Aharon Davidi, one of Israel’s first paratroopers and a contemporary of Israeli founding fathers such as Moshe Dayan and Ariel Sharon, died Feb. 11 at 84.
Israeli Defense Minister Ehud Barak described Davidi, a retired brigadier general, as "a leading combat officer, one of the molders of the IDF’s fighting force, who made an outstanding contribution to the shaping of IDF combat norms, with an emphasis on leadership under fire in the face of the enemy."
Davidi was born in Tel Aviv in 1927 and served in the pre-State Hagana and Palmach. In Israel’s War of Independence he fought in the Negev. In Israel’s early years, he joined the paratroopers as an officer in fabled Unit 101, commanded by Sharon. Haaretz said Davidi “distinguished himself as a military leader” who was “bold, prudent, modest” and respected by colleagues. He was credited with playing a key role in the battle of Mitla Pass in the 1956 war in the Sinai and 11 years later. in the Six Day War, in the capture of Sharm El-Sheikh.

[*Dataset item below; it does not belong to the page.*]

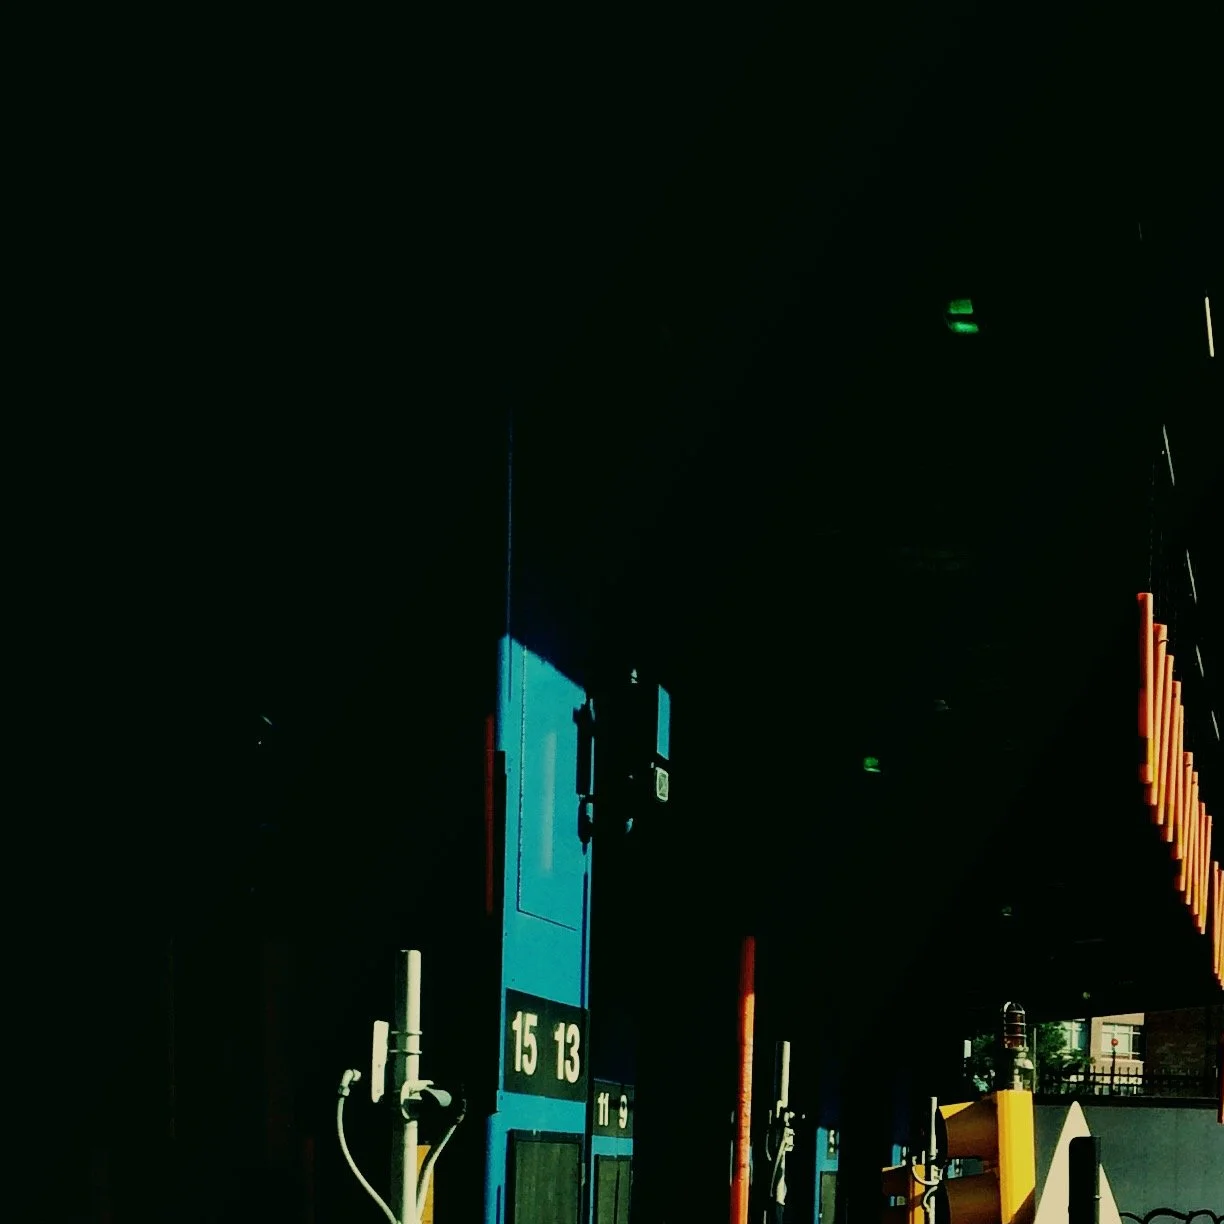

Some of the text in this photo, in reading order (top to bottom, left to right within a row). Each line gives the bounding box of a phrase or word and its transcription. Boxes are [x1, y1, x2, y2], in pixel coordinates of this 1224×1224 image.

[512, 1010, 581, 1084] 15 13
[597, 1091, 610, 1127] 11

A different Haaretz writer noted that Davidi’s death “went by quietly, and the man who was admired by generations of combat soldiers for his humble and impressive personality seemed to be forgotten” in the media storm when Whitney Houston died.
In the 1982 First Lebanon War, Davidi founded an organization which brought non-Israeli volunteers to the country to help with agricultural harvests in the Golan that became Sar-El, the national project for volunteers for Israel. Sar-El, still in operation, has brought thousands of volunteers in the intervening 30 years.
In an unfortunate coincidence, Vade Bolton, chairman of Sar-El’s American affiliate, Volunteers for Israel, died in December 2011.
Davidi was associated with right-wing politics in his later years. In 2010, he won the Moskowitz Prize for Zionism.